**Problem**
Make an exact copy of the data below, leaving out every picture.

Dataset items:
>>>
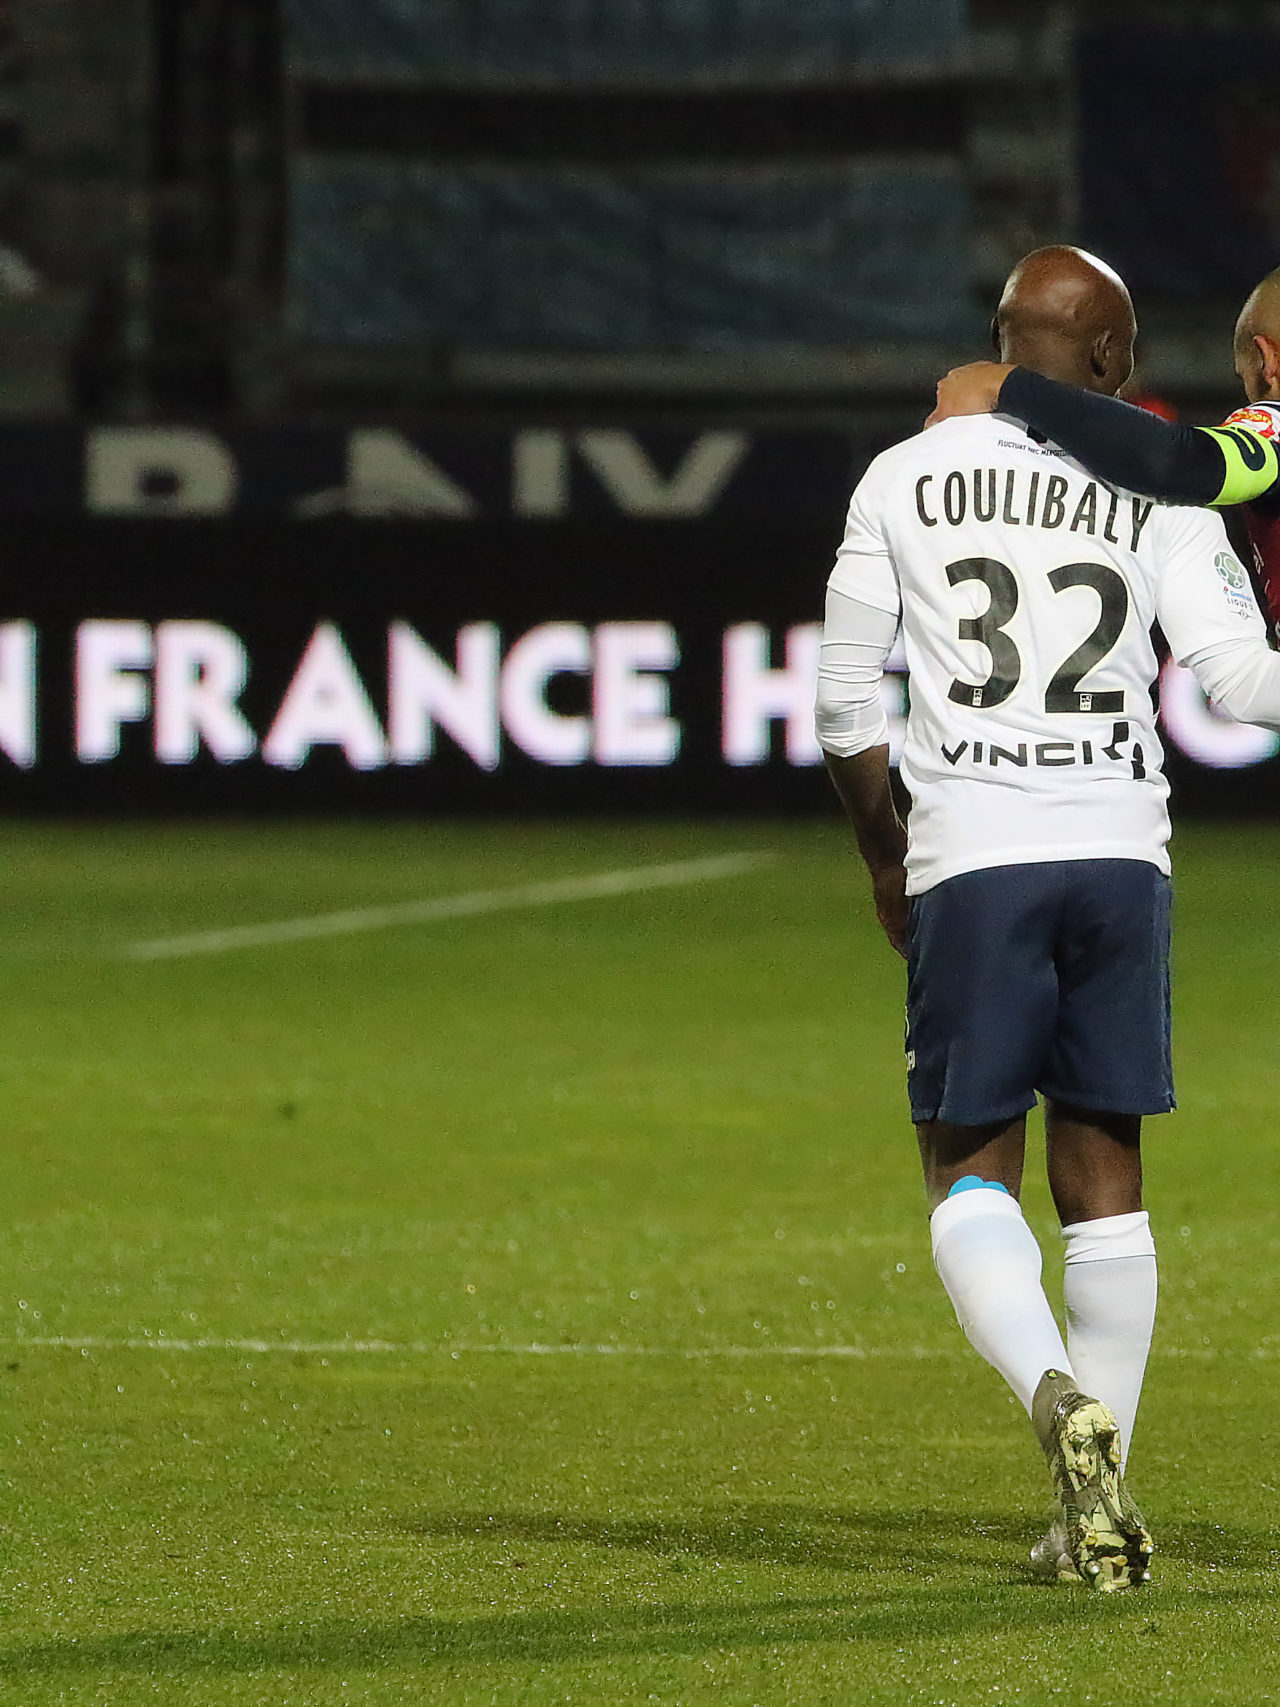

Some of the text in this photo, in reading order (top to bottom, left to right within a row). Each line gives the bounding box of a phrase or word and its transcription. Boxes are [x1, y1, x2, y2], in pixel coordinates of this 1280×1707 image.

[915, 468, 1154, 552] COULIBALY
[943, 556, 1129, 713] 32
[75, 619, 682, 771] FRANCE
[941, 741, 1092, 766] VINCI
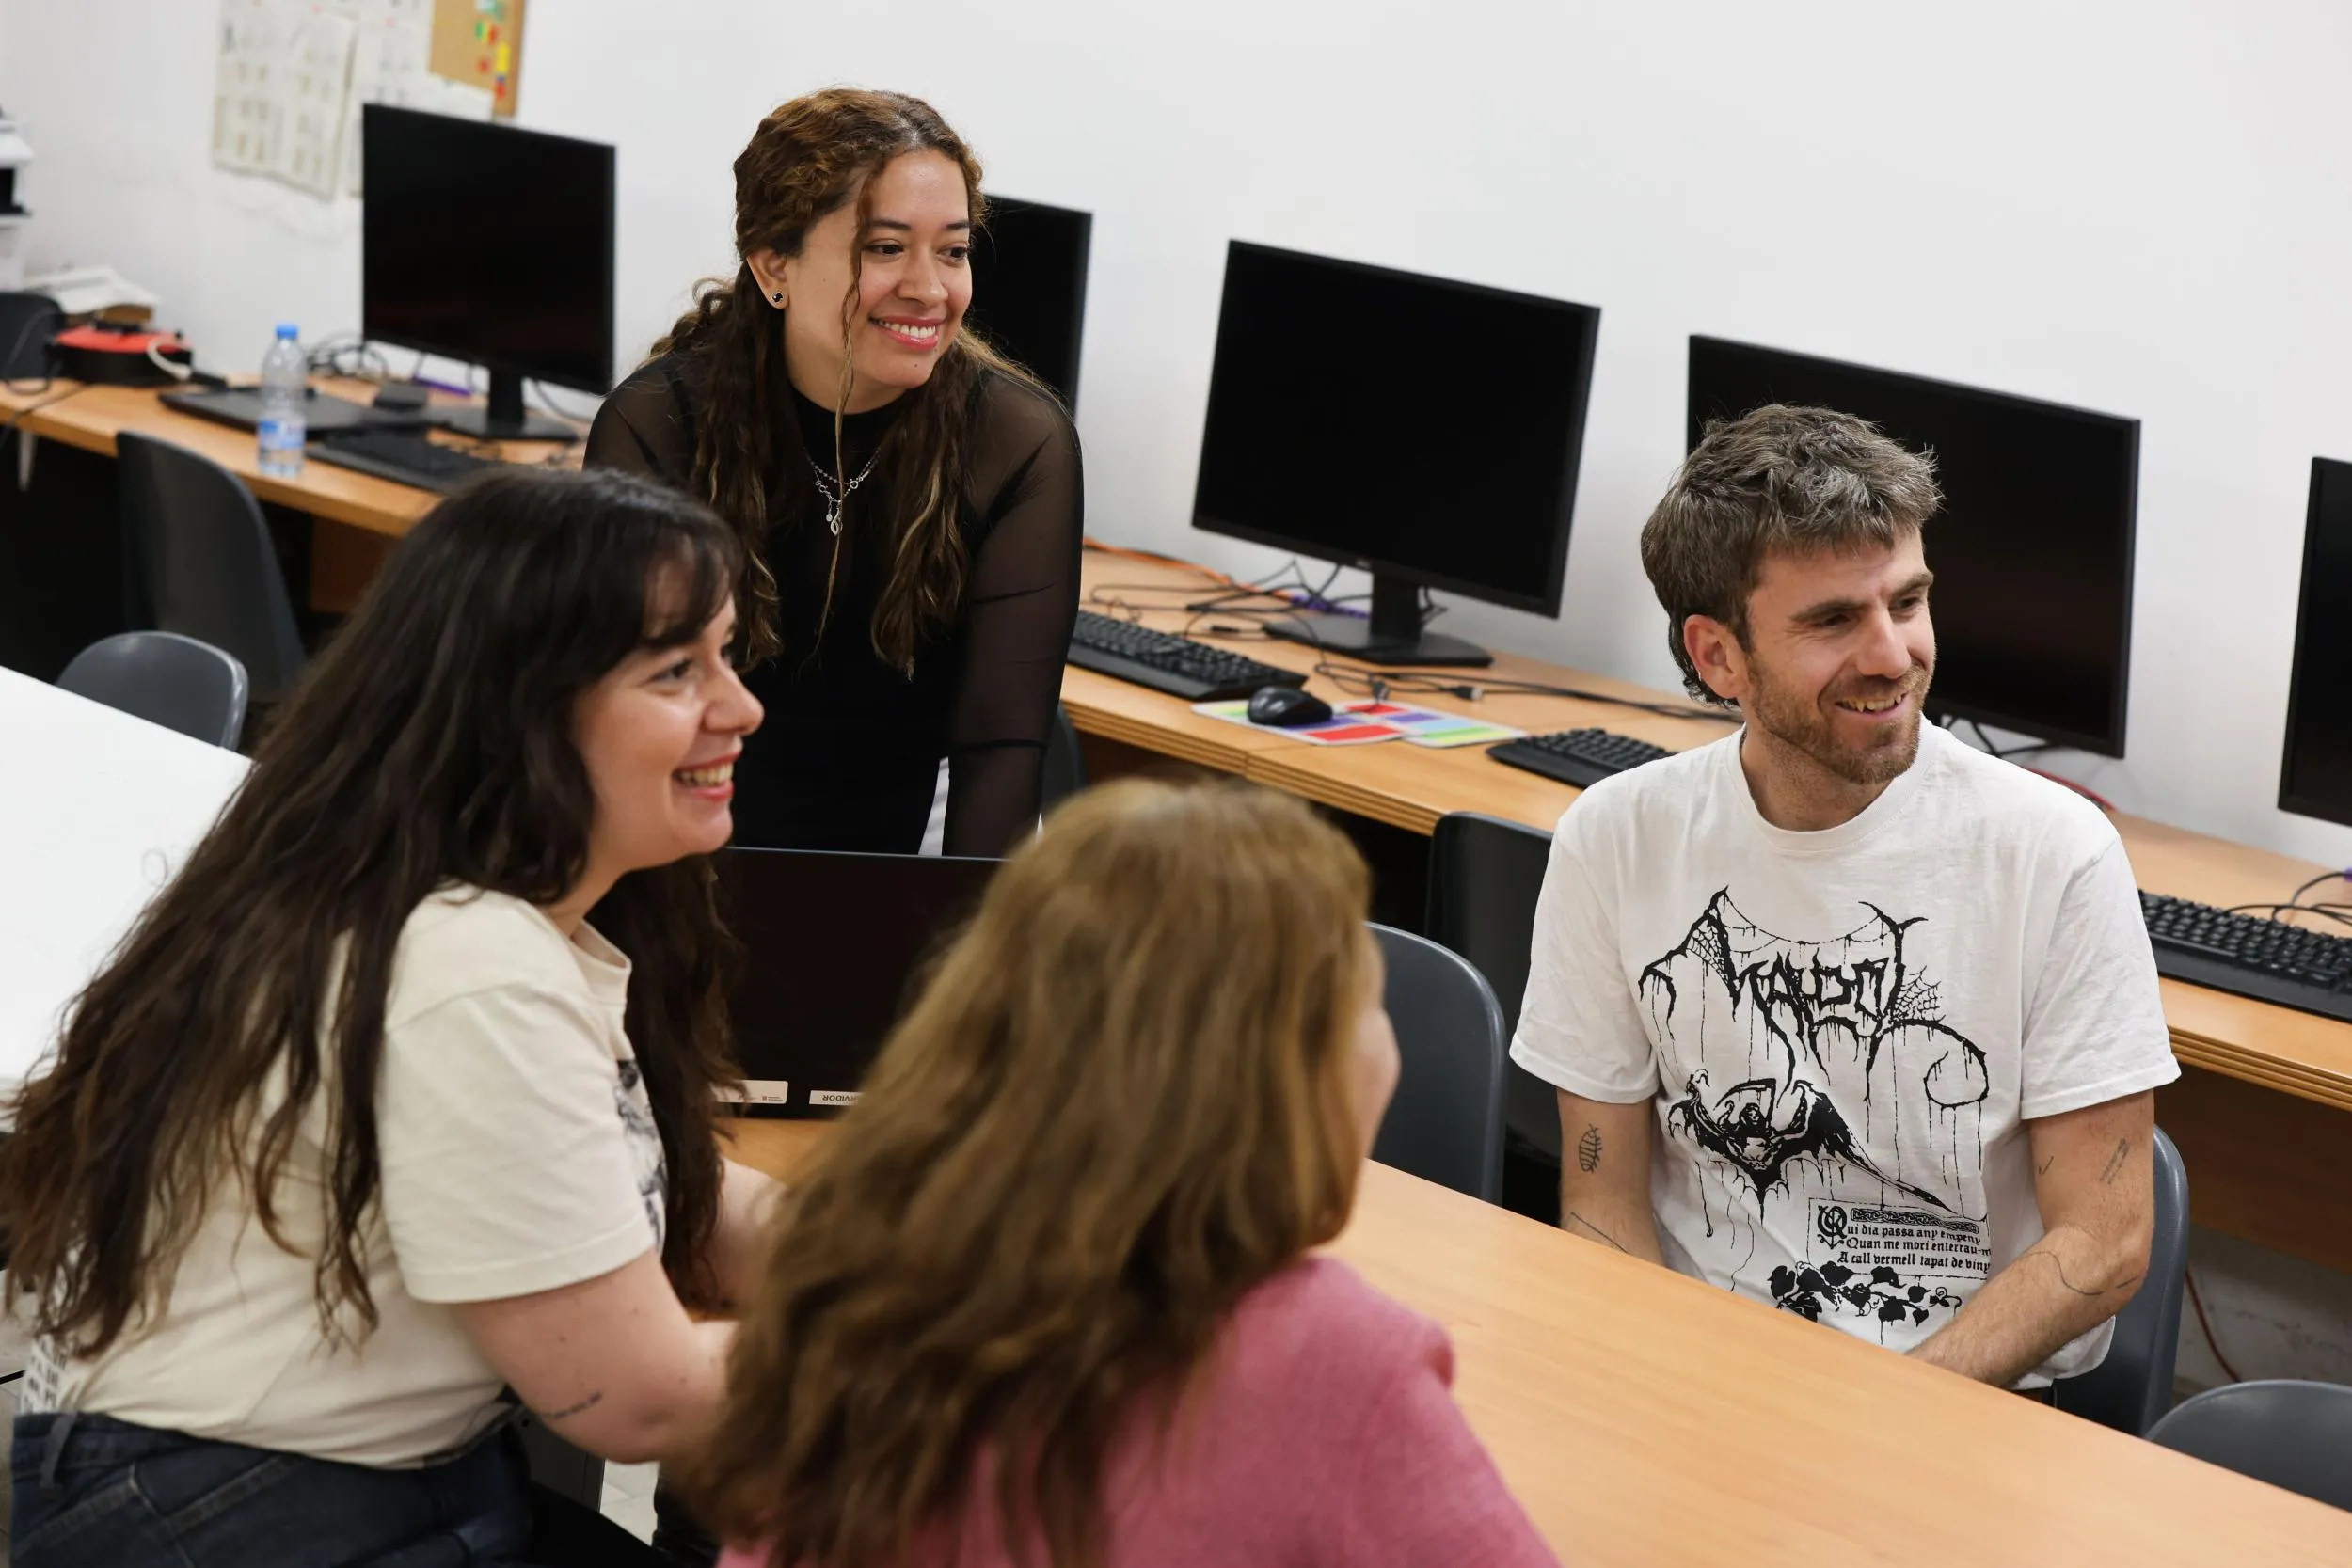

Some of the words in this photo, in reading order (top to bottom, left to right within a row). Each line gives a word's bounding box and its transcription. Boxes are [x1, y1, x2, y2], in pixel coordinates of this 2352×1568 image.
<<<
**Output of the task**
Some of the text in this photo, in reading order (top to bottom, left to right within a row). Each line gives the bounding box of a phrase or word and its transcription. Boxes are [x1, y1, x2, y2], in pixel coordinates of this 1280×1707 image.

[915, 468, 1154, 552] COULIBALY
[943, 556, 1129, 713] 32
[75, 619, 682, 771] FRANCE
[941, 741, 1092, 766] VINCI

Some of the words in this photo, in reading order (top to bottom, left to right within a row). Each line gives a word's bounding box and its transcription. Boxes are [x1, y1, x2, y2], in pixel coordinates of this 2352×1568 image.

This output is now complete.